═════ RECORDS FOR PROCESSING ═════

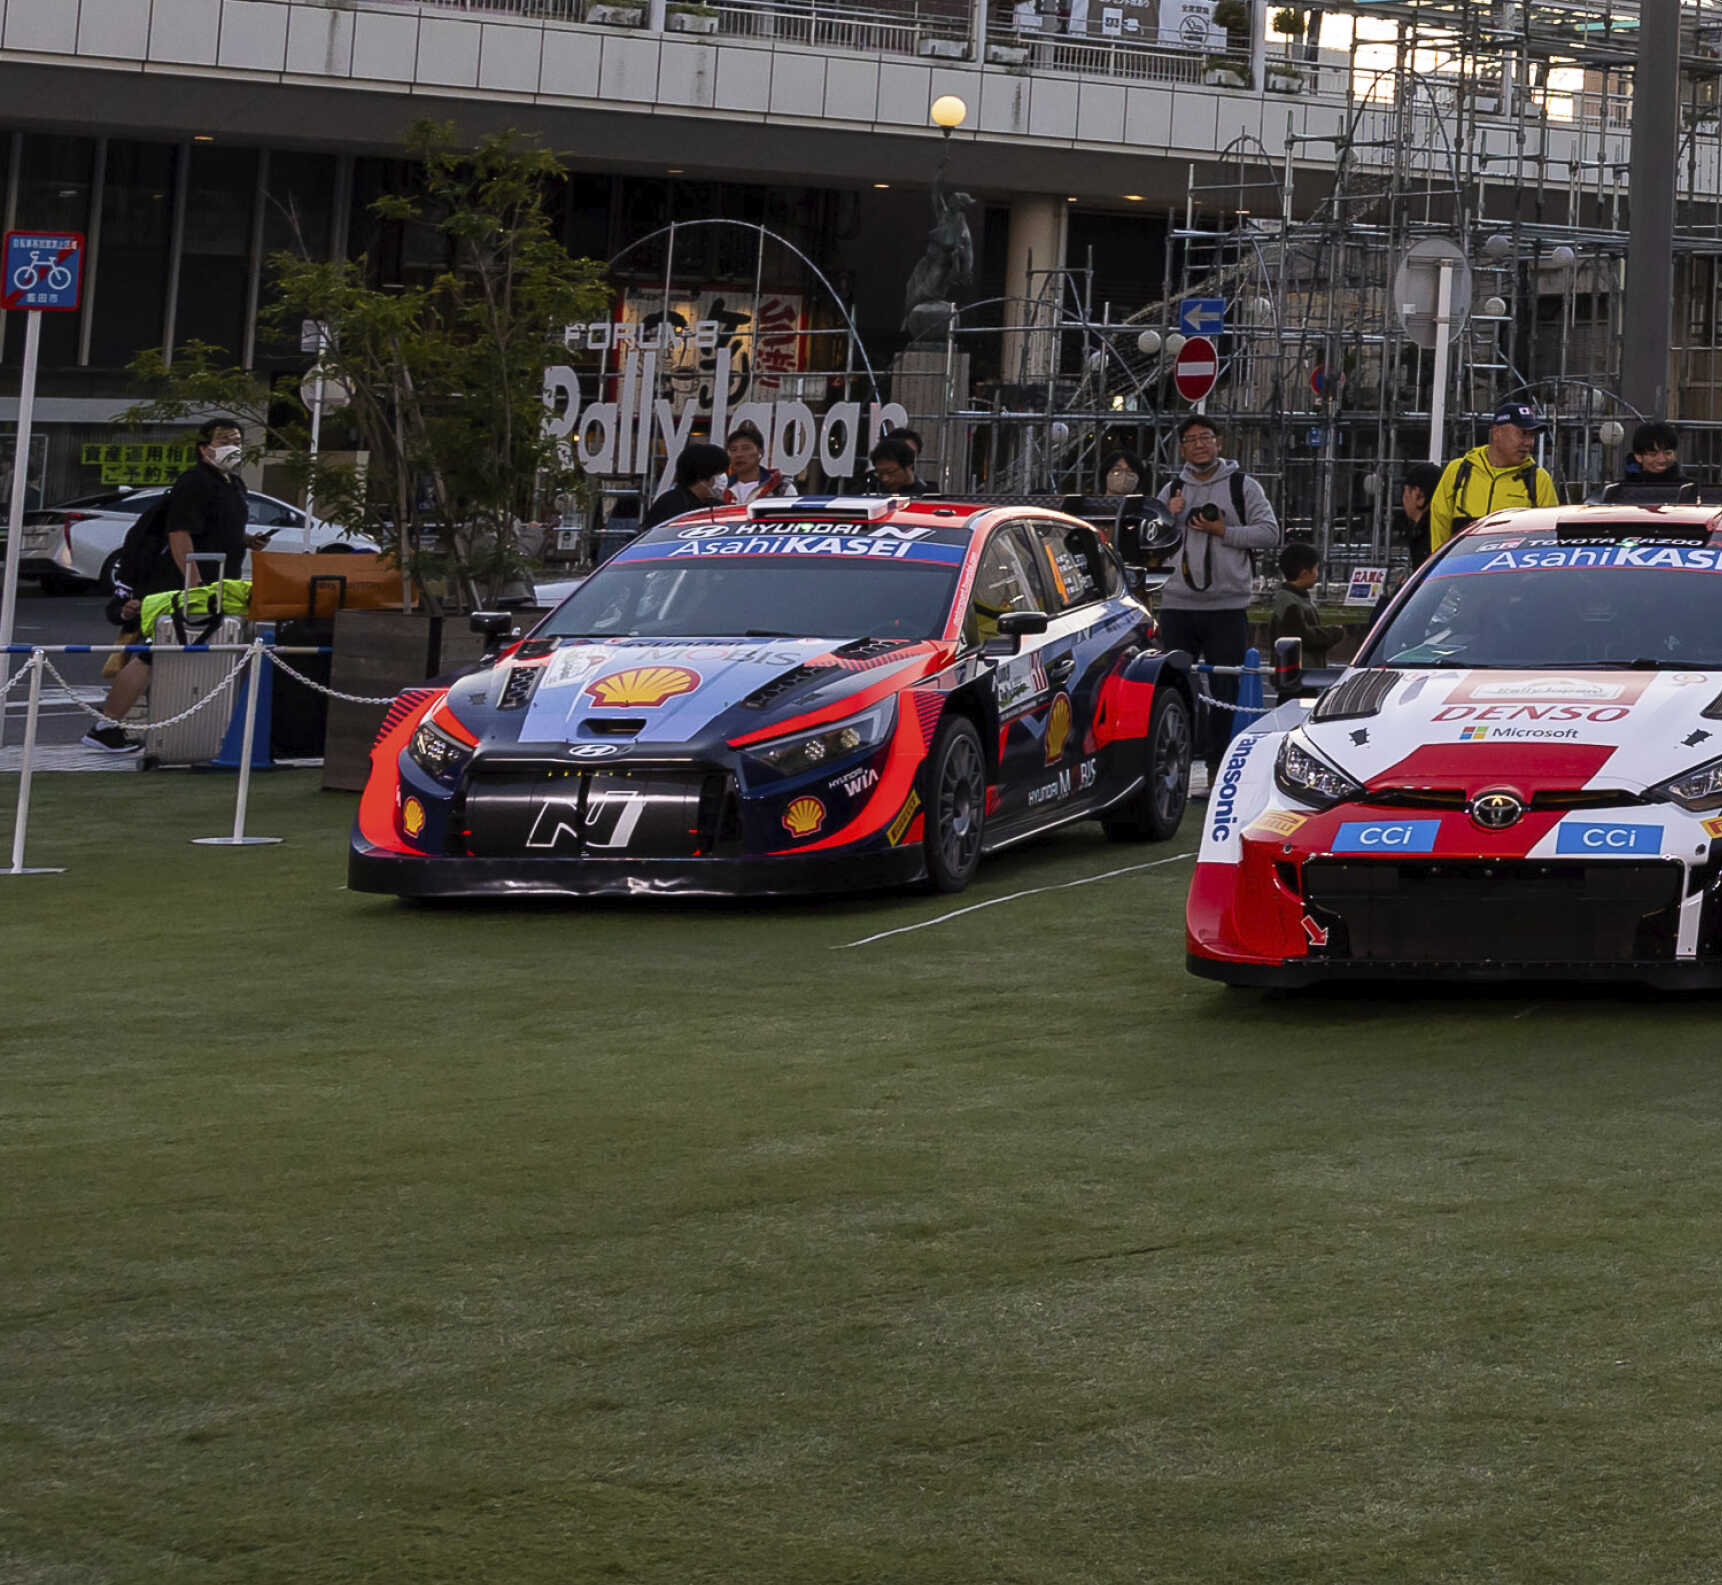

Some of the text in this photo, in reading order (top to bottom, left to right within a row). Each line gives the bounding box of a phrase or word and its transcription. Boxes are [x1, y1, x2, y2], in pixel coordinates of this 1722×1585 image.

[735, 523, 861, 535] HYUNDAI
[668, 536, 914, 558] AsahiKASEI
[1527, 537, 1616, 547] TOYOTA
[1430, 705, 1631, 722] DENSO
[1491, 726, 1580, 740] Microsoft
[1359, 827, 1414, 846] CCi
[1582, 829, 1637, 848] CCi

═════

→ **WHAT IS EXPECTED**
The records are to be retyped in full and exactly, with no image carried over.

→ **ANSWER TO THE EXERCISE**
Some of the text in this photo, in reading order (top to bottom, left to right within a row). Each line gives the bounding box of a phrase or word and its transcription. Boxes are [x1, y1, x2, y2], in pixel coordinates of this 1722×1585 image.

[735, 523, 861, 535] HYUNDAI
[668, 536, 914, 558] AsahiKASEI
[1527, 537, 1616, 547] TOYOTA
[1430, 705, 1631, 722] DENSO
[1491, 726, 1580, 740] Microsoft
[1359, 827, 1414, 846] CCi
[1582, 829, 1637, 848] CCi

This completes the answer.